What to produce: Transcribe every entry word for word, but skip the images.

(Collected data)
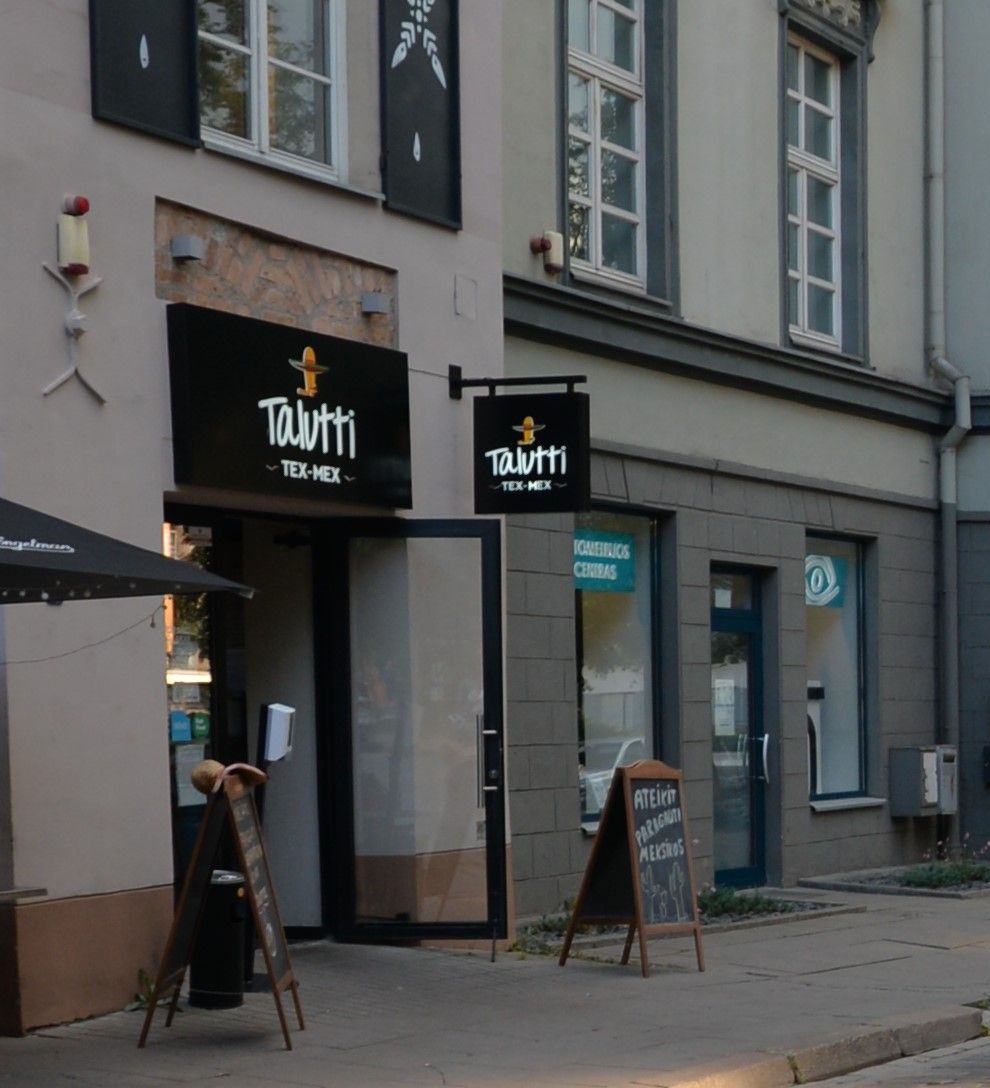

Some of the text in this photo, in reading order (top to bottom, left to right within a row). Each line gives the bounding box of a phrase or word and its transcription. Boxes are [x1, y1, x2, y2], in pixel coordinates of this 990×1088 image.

[258, 396, 355, 459] Talutti
[281, 459, 341, 484] TEX-MEX
[485, 445, 567, 476] Talutti
[501, 479, 552, 491] TEX-MEX
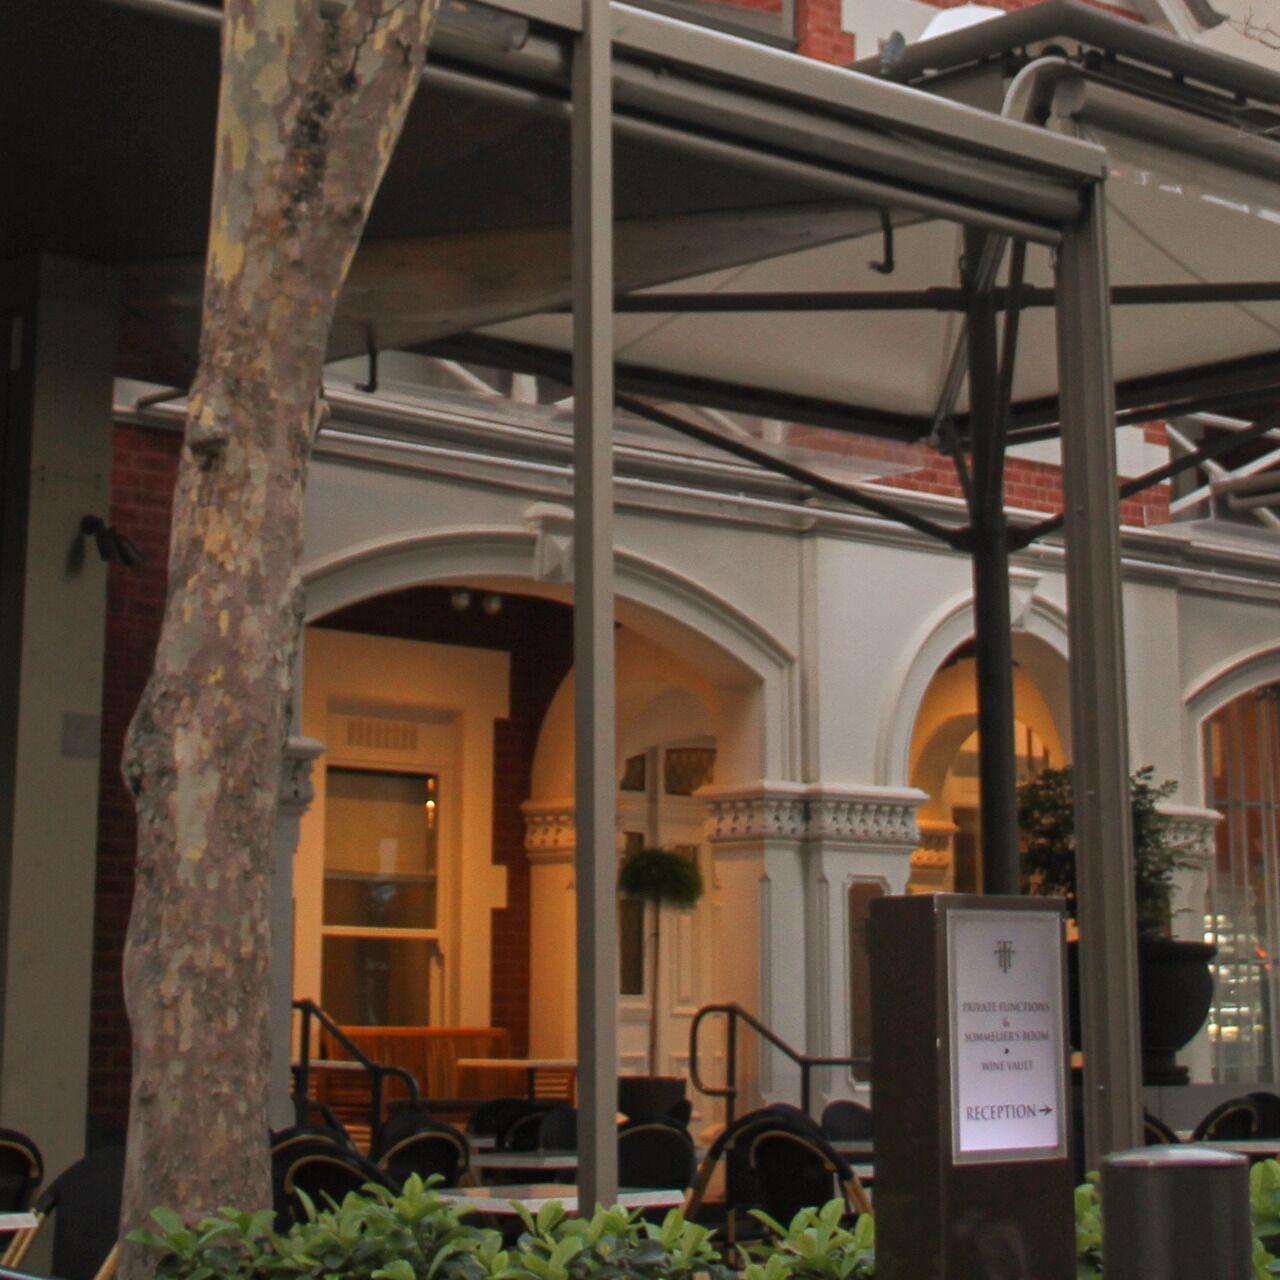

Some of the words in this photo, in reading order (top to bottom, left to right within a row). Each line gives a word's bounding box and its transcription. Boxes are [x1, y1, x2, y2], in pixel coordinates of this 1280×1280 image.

[963, 1001, 996, 1012] PRIVATE
[1000, 1001, 1050, 1012] FUNCTIONS
[1022, 1030, 1049, 1041] ROOM
[980, 1061, 1003, 1071] WINE
[1007, 1060, 1033, 1071] VAULT
[966, 1104, 1037, 1121] RECEPTION
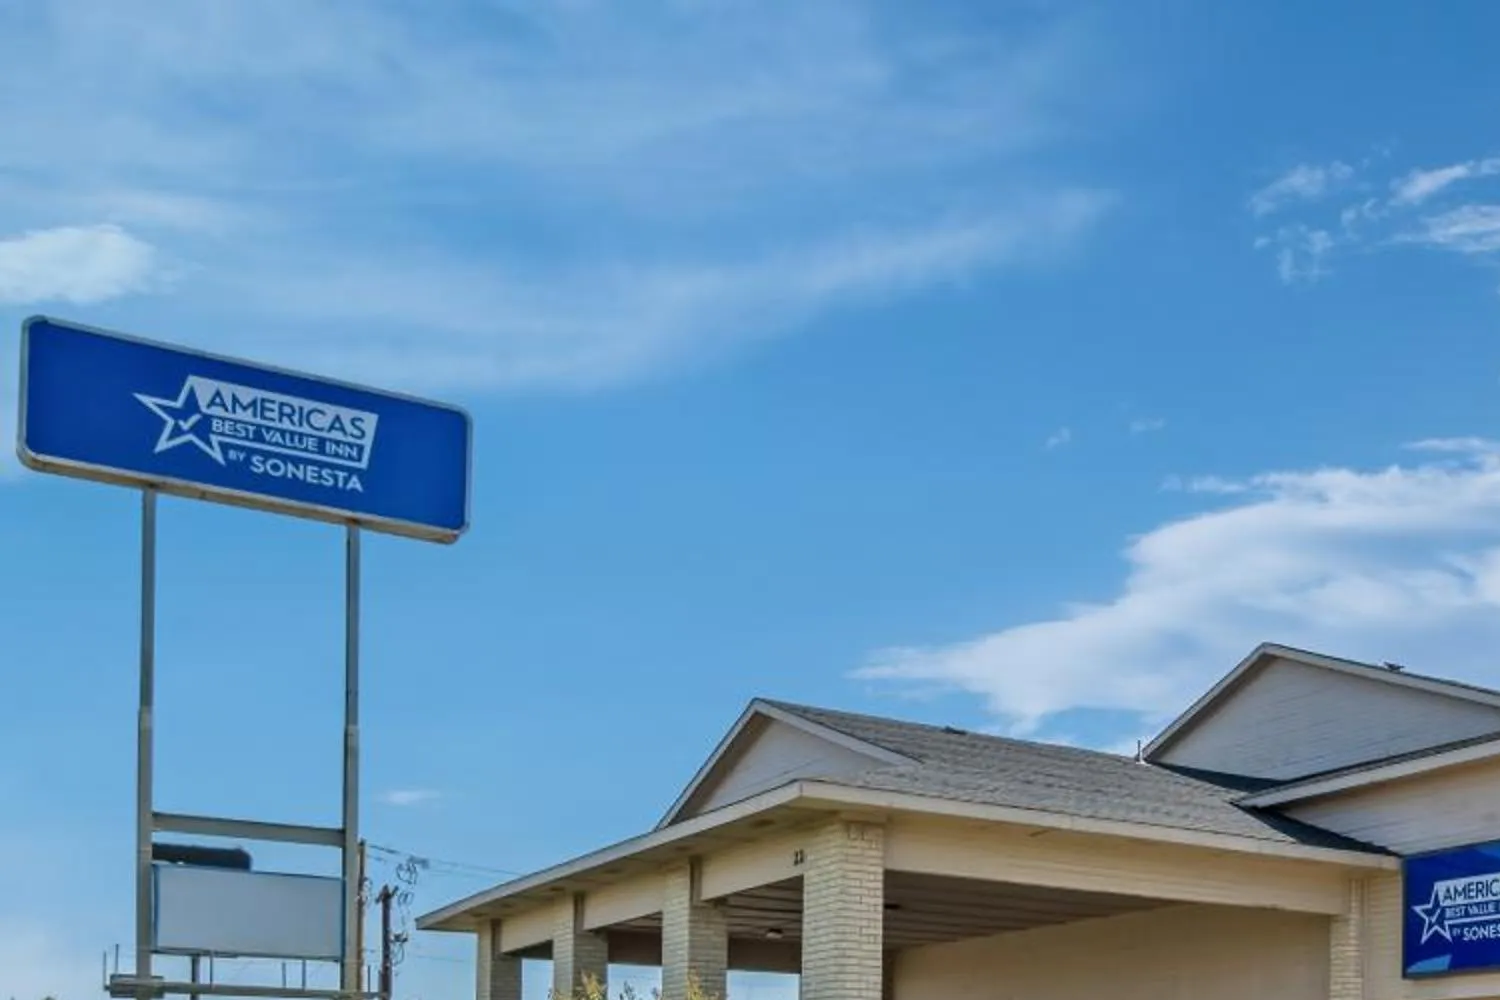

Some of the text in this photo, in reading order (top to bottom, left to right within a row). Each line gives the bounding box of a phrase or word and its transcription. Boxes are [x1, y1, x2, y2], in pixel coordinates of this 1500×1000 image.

Written solution:
Some of the text in this photo, in reading order (top to bottom, left to right within a row). Each line gives the bounding box of a phrase or word and its transcription. Boxes are [x1, y1, x2, y2], in pixel coordinates of this 990×1088 image.

[258, 396, 355, 459] Talutti
[281, 459, 341, 484] TEX-MEX
[485, 445, 567, 476] Talutti
[501, 479, 552, 491] TEX-MEX

Some of the words in this photo, in reading order (top to bottom, left to right within a row). Each line gives a word's bounding box and its transcription. Boxes are [x1, y1, x2, y2], in pixel coordinates of this 1280×1280 image.

[963, 1001, 996, 1012] PRIVATE
[1000, 1001, 1050, 1012] FUNCTIONS
[1022, 1030, 1049, 1041] ROOM
[980, 1061, 1003, 1071] WINE
[1007, 1060, 1033, 1071] VAULT
[966, 1104, 1037, 1121] RECEPTION

Some of the text in this photo, in reading order (top to bottom, left to right within a row). Each line gives the bounding box of a phrase or word and its transcription. Boxes are [x1, y1, x2, y2], in pixel coordinates of this 1500×1000 image.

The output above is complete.